**Exercise:** Please write out all of the entries exactly as they appear.

Entries taken from a collection
────────────────────────────────────────

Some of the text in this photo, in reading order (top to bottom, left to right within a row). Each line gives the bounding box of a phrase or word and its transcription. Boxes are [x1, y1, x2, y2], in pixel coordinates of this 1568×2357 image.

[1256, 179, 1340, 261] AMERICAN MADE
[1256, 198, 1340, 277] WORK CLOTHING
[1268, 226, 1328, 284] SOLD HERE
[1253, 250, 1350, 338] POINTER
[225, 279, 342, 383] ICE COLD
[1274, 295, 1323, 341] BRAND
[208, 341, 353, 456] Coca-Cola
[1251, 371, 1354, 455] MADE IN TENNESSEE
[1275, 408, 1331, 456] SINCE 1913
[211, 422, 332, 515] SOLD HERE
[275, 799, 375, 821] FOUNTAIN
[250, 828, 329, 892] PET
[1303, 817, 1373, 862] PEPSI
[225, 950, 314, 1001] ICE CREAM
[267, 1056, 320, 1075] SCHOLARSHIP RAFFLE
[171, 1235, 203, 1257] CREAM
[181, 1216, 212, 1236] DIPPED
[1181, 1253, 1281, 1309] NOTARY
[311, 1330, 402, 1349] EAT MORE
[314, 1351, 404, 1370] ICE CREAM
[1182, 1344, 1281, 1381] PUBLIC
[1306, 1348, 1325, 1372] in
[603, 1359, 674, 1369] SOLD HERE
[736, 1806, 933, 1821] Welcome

────────────────────────────────────────

**The completed task:**
Some of the text in this photo, in reading order (top to bottom, left to right within a row). Each line gives the bounding box of a phrase or word and its transcription. Boxes are [x1, y1, x2, y2], in pixel coordinates of this 1568×2357 image.

[1256, 179, 1340, 261] AMERICAN MADE
[1256, 198, 1340, 277] WORK CLOTHING
[1268, 226, 1328, 284] SOLD HERE
[1253, 250, 1350, 338] POINTER
[225, 279, 342, 383] ICE COLD
[1274, 295, 1323, 341] BRAND
[208, 341, 353, 456] Coca-Cola
[1251, 371, 1354, 455] MADE IN TENNESSEE
[1275, 408, 1331, 456] SINCE 1913
[211, 422, 332, 515] SOLD HERE
[275, 799, 375, 821] FOUNTAIN
[250, 828, 329, 892] PET
[1303, 817, 1373, 862] PEPSI
[225, 950, 314, 1001] ICE CREAM
[267, 1056, 320, 1075] SCHOLARSHIP RAFFLE
[171, 1235, 203, 1257] CREAM
[181, 1216, 212, 1236] DIPPED
[1181, 1253, 1281, 1309] NOTARY
[311, 1330, 402, 1349] EAT MORE
[314, 1351, 404, 1370] ICE CREAM
[1182, 1344, 1281, 1381] PUBLIC
[1306, 1348, 1325, 1372] in
[603, 1359, 674, 1369] SOLD HERE
[736, 1806, 933, 1821] Welcome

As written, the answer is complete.